Not a great deal has been written about UK performance art in the ‘seventies, though a number of participants have catalogued their activities online in recent years. But it was an interesting time. The Aerschot Performance Division was a small collective based in Wakefield, Yorkshire, that operated from 1976 to 1979. The group’s name, picked at random from an atlas, turned out to be that of a Belgian town where atrocities against civilians were allegedly committed by German forces in 1914.

Core members were Peter Hatton, Richard Warren, Jez Welsh and Robert Worby, augmented for static shows (supposedly as the “Aerschot Graphics Division”) by Simon Poe, Richard Wright and later Peter White. Today Robert Worby, composer and sound artist, presents “Hear and Now” for Radio 3. Jeremy Welsh is Professor of Fine Art at Bergen Academy of Art and Design, Norway. Simon Poe writes on Victorian art. Peter Hatton taught at a Special School in Wakefield and died in 1998.

“Their purpose … is to foster widened aesthetic perception … holding a pen or opening a door can be seen contemplatively. They have no central ideology … have a network of agreements … They meet frequently, discuss; and then do …” [Stephen Chaplin]

“They are gentle, sympathetic young men, pursuing an extreme of art with the minimum of ostentation.” [Philip Norman]

Performances were often in a cabaret format that could include pairings or solo pieces, though more extended events involved all four performers working together. Welsh (a pioneer video artist) and Worby (an experimental musician) brought to performances a measured approach influenced by their particular understanding of conceptualism. Hatton (primarily an experimental film maker) and Warren (here the contributor of spoken texts), both trained in improvised drama, could draw on a more mannered theatricality. It was a useful blend. Performances involved sound, action, the spoken word and projected film. Despite an awareness of other performance artists, Aerschot’s approach was not derivative; we worked it out for ourselves, though in a climate informed by Dada and Fluxus. Audiences seemed substantial; there was certainly plenty of interest about.

Robert Worby:

“Some of these images still look extraordinarily radical. Quite what it was we thought we were doing, I have no idea and I had no idea then although we sort of pretended we did, especially when it came to making applications for money. We just did it. We took the materials – images, objects, sound, light, costumes, props, a defined physical space (enclosed or not) and, most importantly, time – and we messed with these things in front of an audience. We never rehearsed, although we knew the materials with which we were working very well and, over time, ‘routines’ (in that Burroughs sense of the word) emerged and evolved.

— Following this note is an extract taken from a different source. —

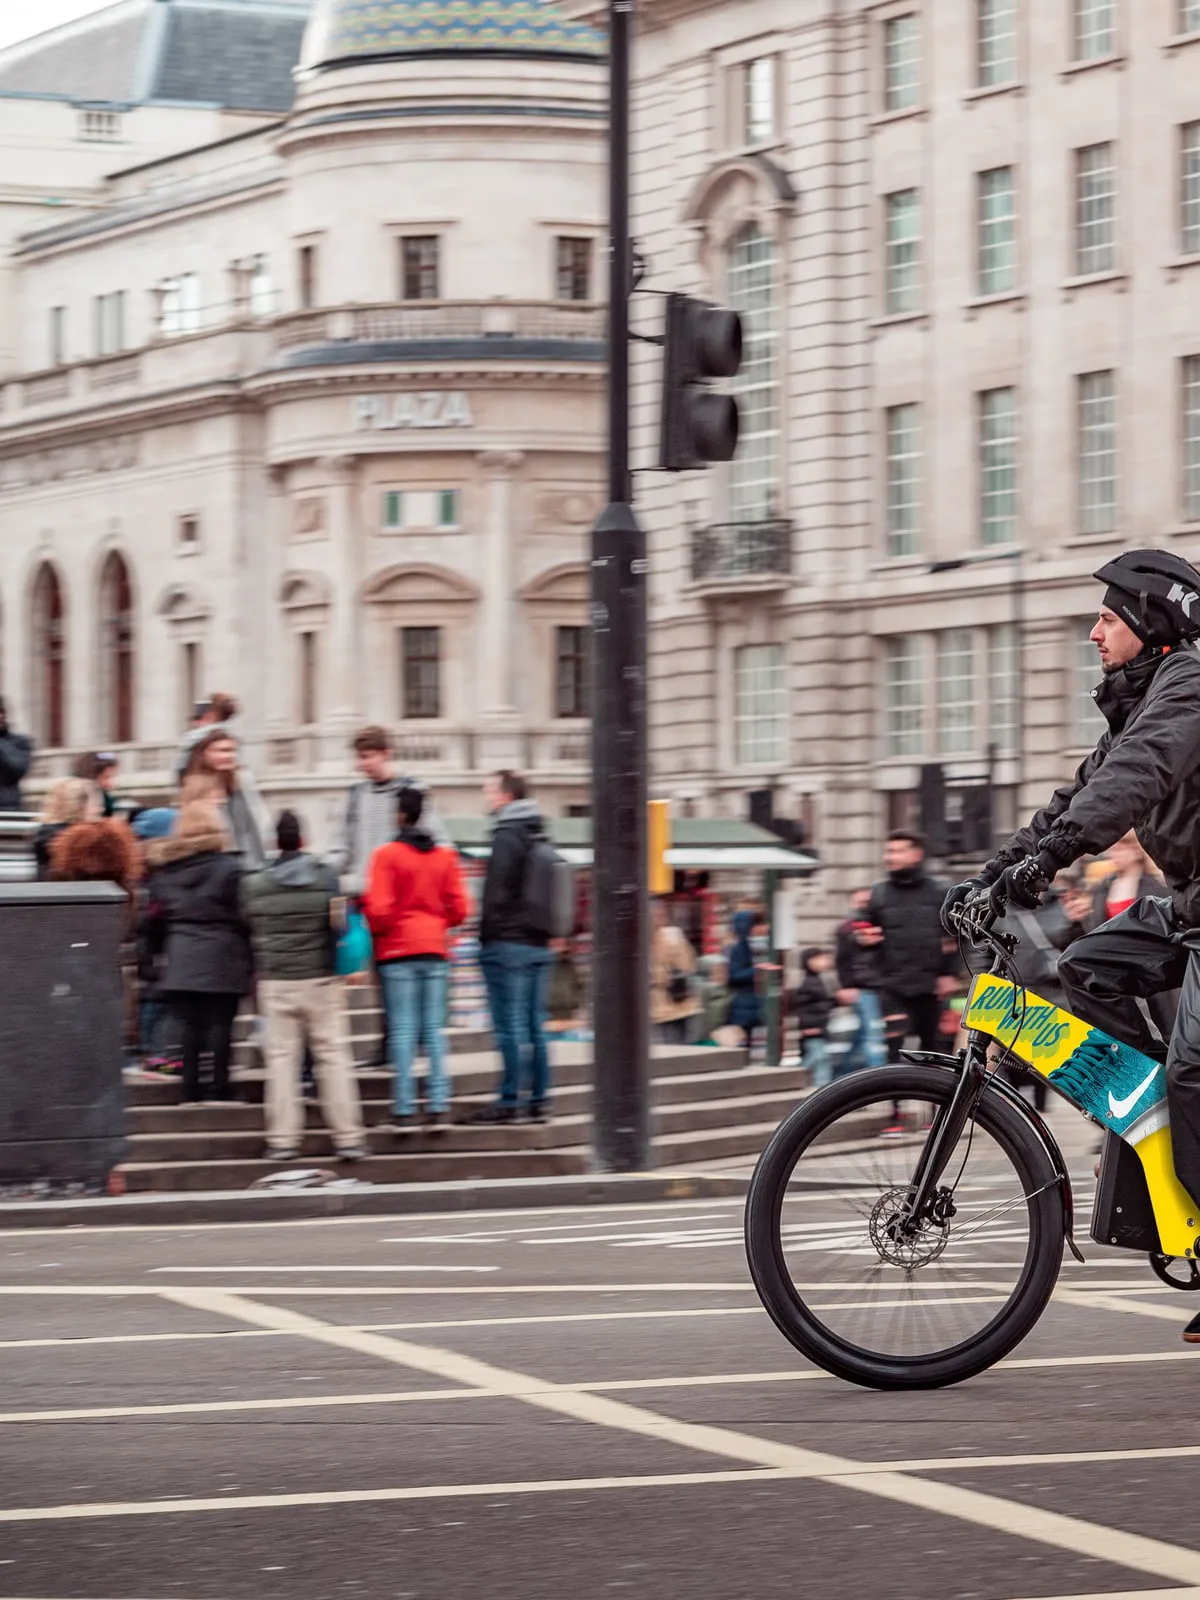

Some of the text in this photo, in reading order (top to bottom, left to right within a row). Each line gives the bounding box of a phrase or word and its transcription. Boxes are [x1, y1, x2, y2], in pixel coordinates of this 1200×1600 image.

I think it’s important to mention how much our work with Aerschot was rooted in materials. It was all so very concrete. I considered my work to be musique concrète and, although I had heard about the work of Pierre Schaffer done at the GRM studios in Paris in the late ‘forties and ‘fifties, I really didn’t know enough about it for it to have a direct impact on what I was doing. I’d never heard any of his work, I’d only read about it. I worked with sound, I captured and recorded it. I worked with tape recorders and tape. And although I often worked with pitches, notes and note patterns, vis-à-vis some early minimalists, I wasn’t composing tunes, I was trying to make good, interesting sound.

Today, so much so-called art (and some music and certainly a lot of sound art) is rooted in a lazy, laissez-faire notion of conceptualism with very little attention paid to materials, even ideas as material. In the Aerschot days, Jez and I certainly had an interest in, and respect for, some of those ‘seventies conceptual artists like Jan Dibbets, Joseph Kosuth and even Michael Craig Martin … although some of these artists were certainly conceptual artists we respected their relationship with materials. When we were lads, we messed with stuff, we did the stuff, we produced stuff. Generally speaking, the quality of stuff in the last decade or two has been quite poor …

And you’re correct, there is a great sense of the absurd about what we were doing. It’s not necessarily comedic or intentionally funny. That’s not to say we didn’t howl with laughter when something ridiculous bubbled to the surface, but we were funny in the same way that Hugo Ball, dressed in his costume at the Cabaret Voltaire, was funny. Or maybe it’s particularly English. You know, that peculiar twist on Surrealism … that two fingers up to everybody and everything … a kind of professional amateurism that is so very English.”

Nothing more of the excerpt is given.